= What to produce =
When you write out the listing, keep every character and omit the pictures.

Top of Given records

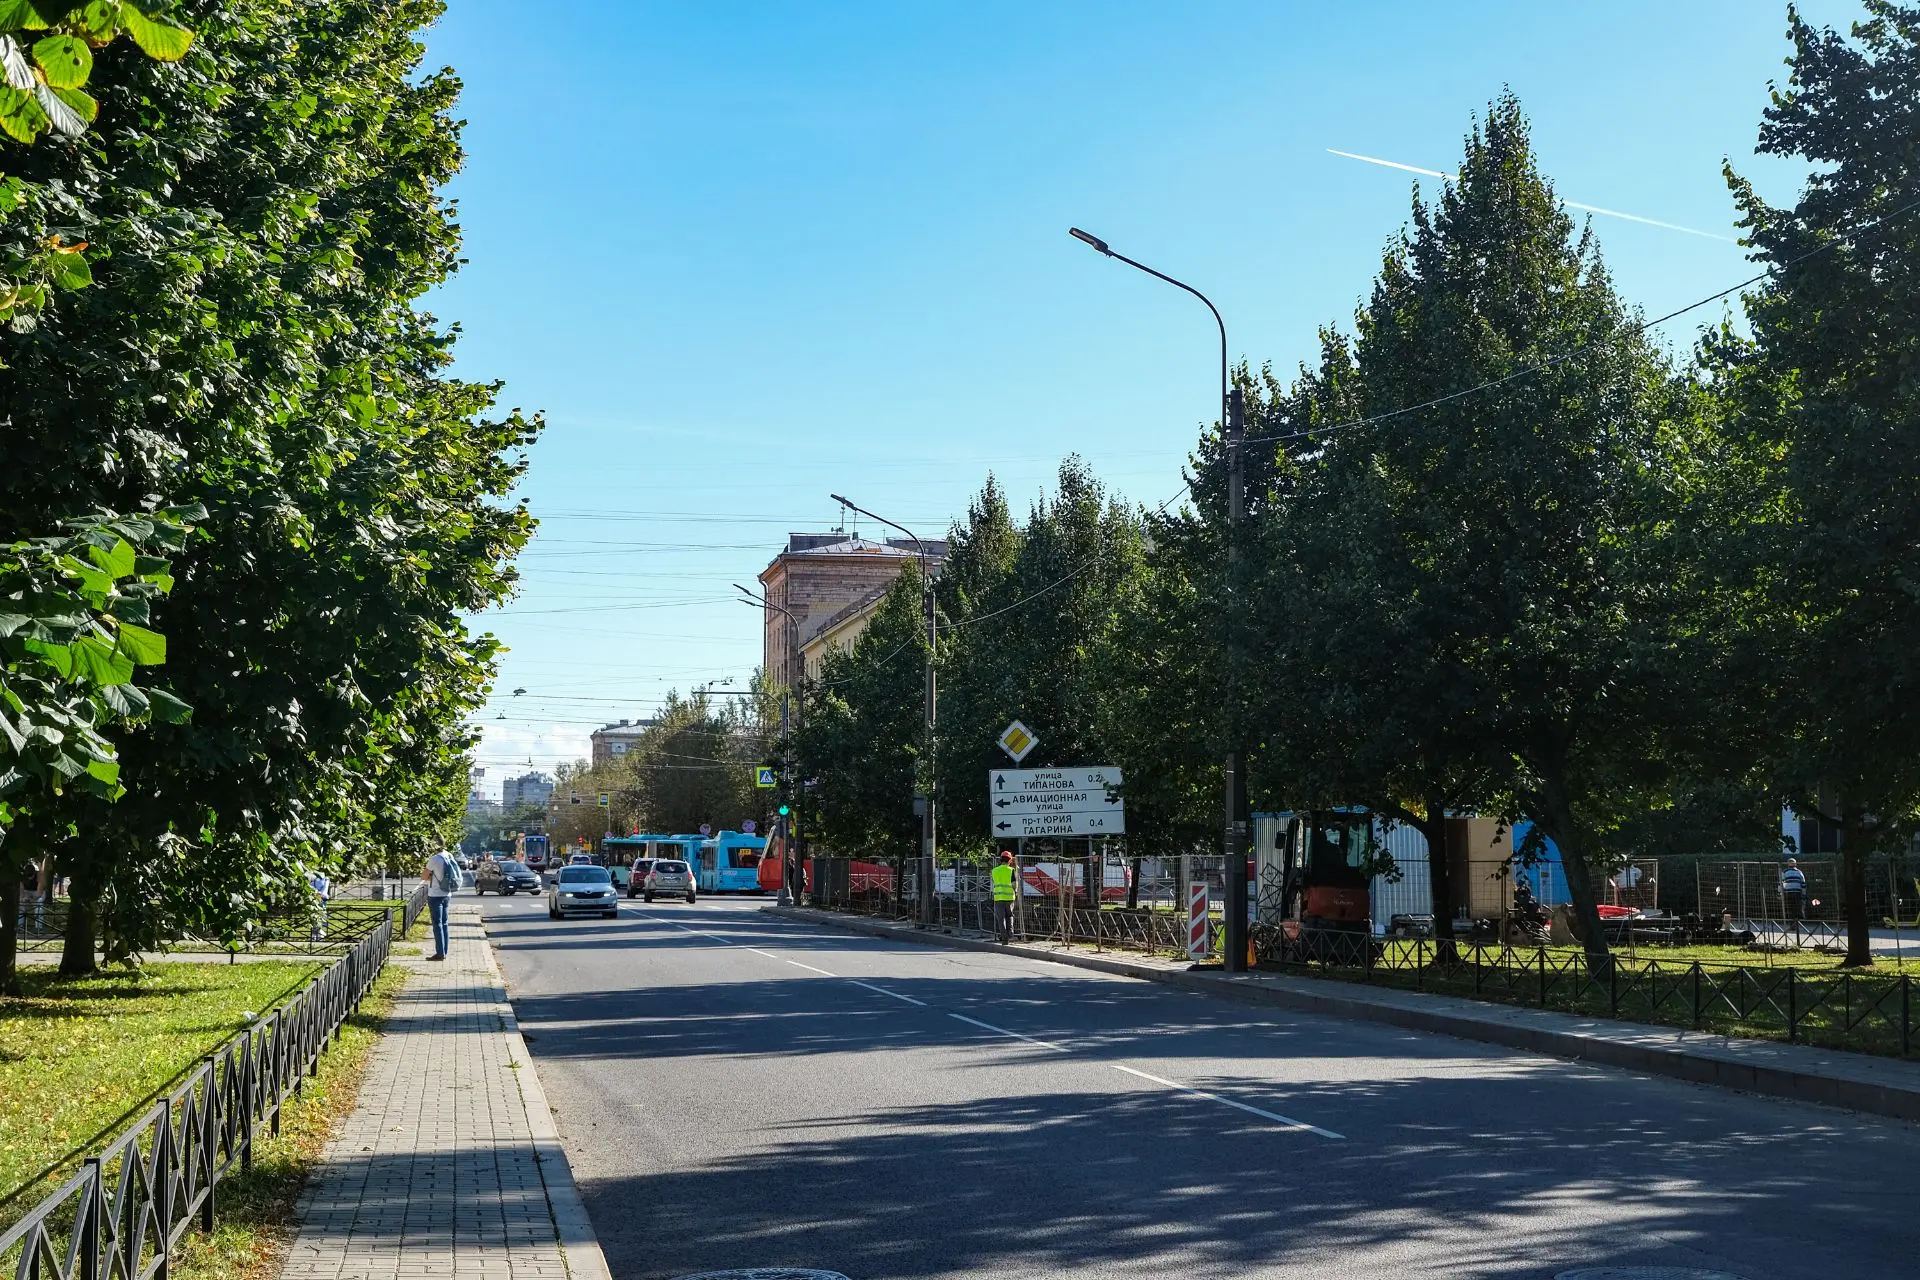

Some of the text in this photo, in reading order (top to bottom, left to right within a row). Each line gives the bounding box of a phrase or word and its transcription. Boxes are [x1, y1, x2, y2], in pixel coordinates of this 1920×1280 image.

[1035, 772, 1062, 781] улица
[1023, 781, 1075, 790] ТИПАНОВА
[1012, 793, 1087, 803] АВИАЦИОННАЯ
[1036, 803, 1063, 812] улица
[1022, 815, 1072, 826] пр-т ЮРИЯ
[1089, 818, 1103, 827] 0.4
[1024, 825, 1074, 834] ГАГАРИНА
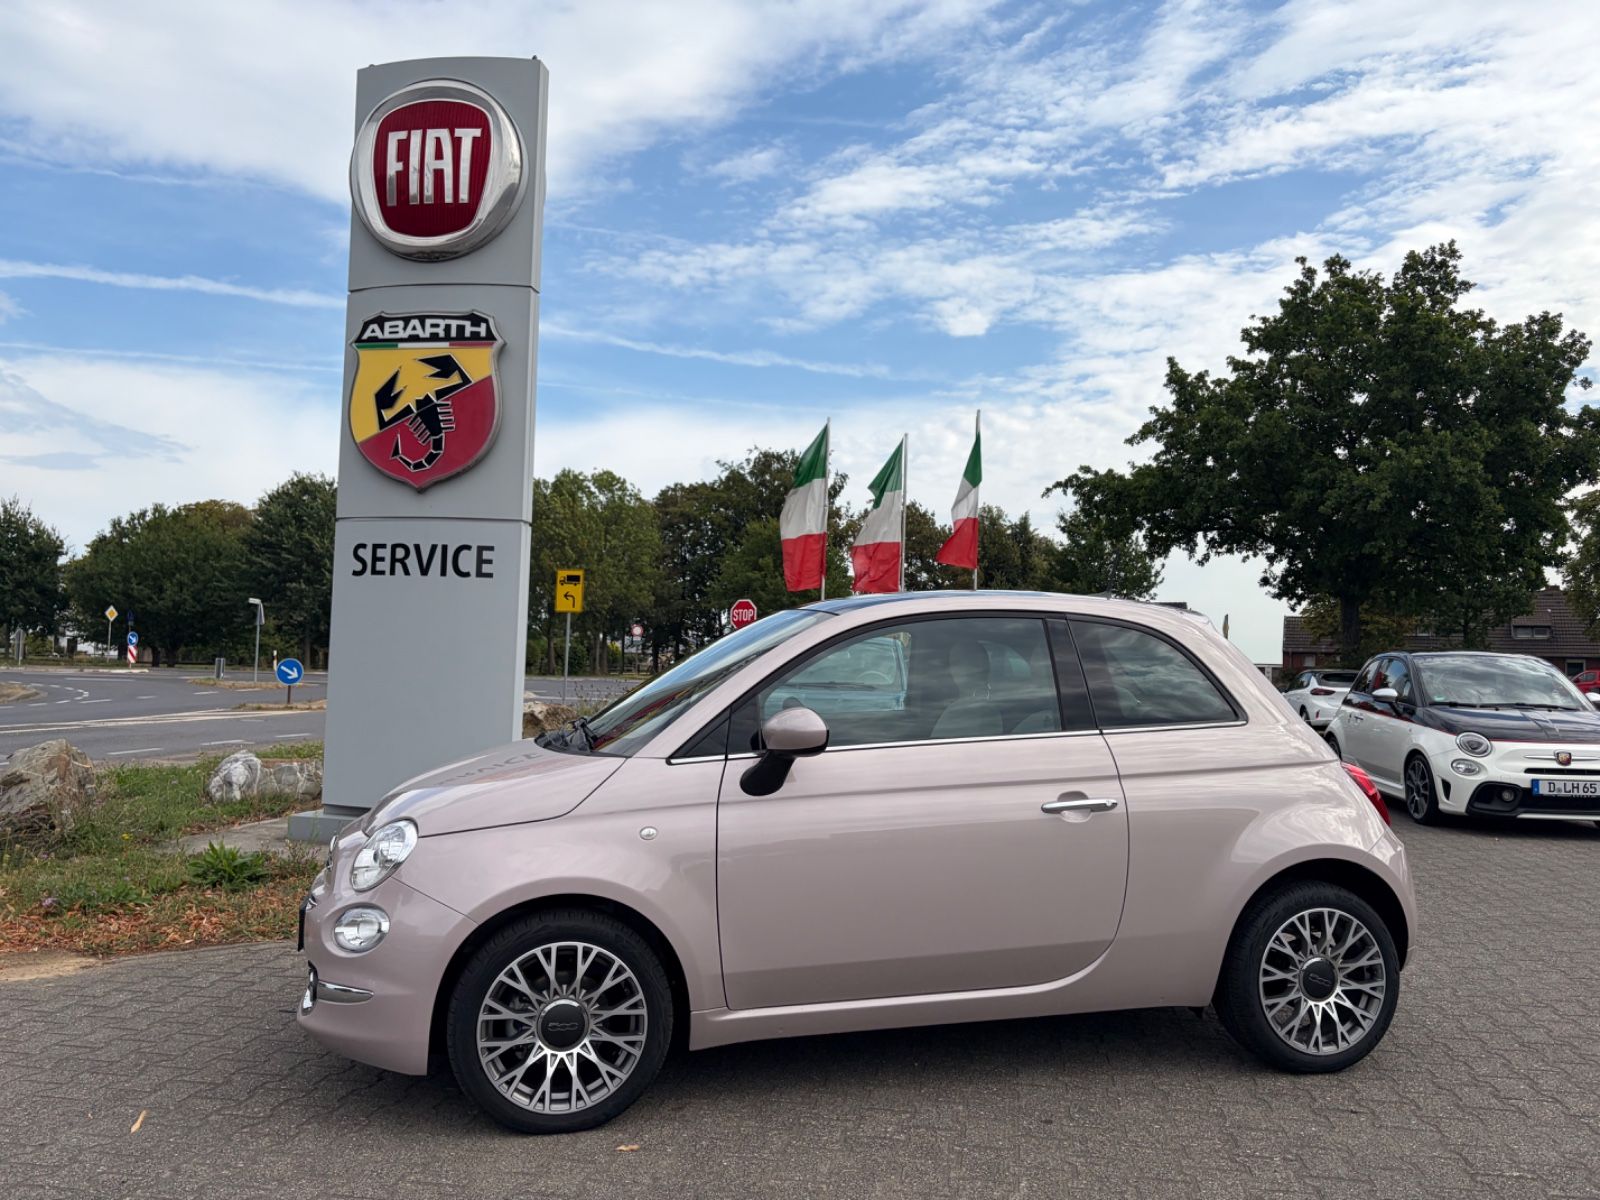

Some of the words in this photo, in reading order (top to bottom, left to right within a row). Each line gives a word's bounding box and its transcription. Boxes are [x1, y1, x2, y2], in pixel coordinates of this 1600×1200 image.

Bottom of Given records

= Response for this exercise =
Some of the text in this photo, in reading order (top to bottom, left to right within a row). Each line gives the bounding box of a phrase or word and its transcription. Boxes are [x1, y1, x2, y2], in pixel coordinates of this 1920×1280 image.

[1035, 772, 1062, 781] улица
[1023, 781, 1075, 790] ТИПАНОВА
[1012, 793, 1087, 803] АВИАЦИОННАЯ
[1036, 803, 1063, 812] улица
[1022, 815, 1072, 826] пр-т ЮРИЯ
[1089, 818, 1103, 827] 0.4
[1024, 825, 1074, 834] ГАГАРИНА

Some of the words in this photo, in reading order (top to bottom, left to right within a row). Each line gives a word's bounding box and its transcription. Boxes are [x1, y1, x2, y2], in pixel coordinates of this 1600×1200 image.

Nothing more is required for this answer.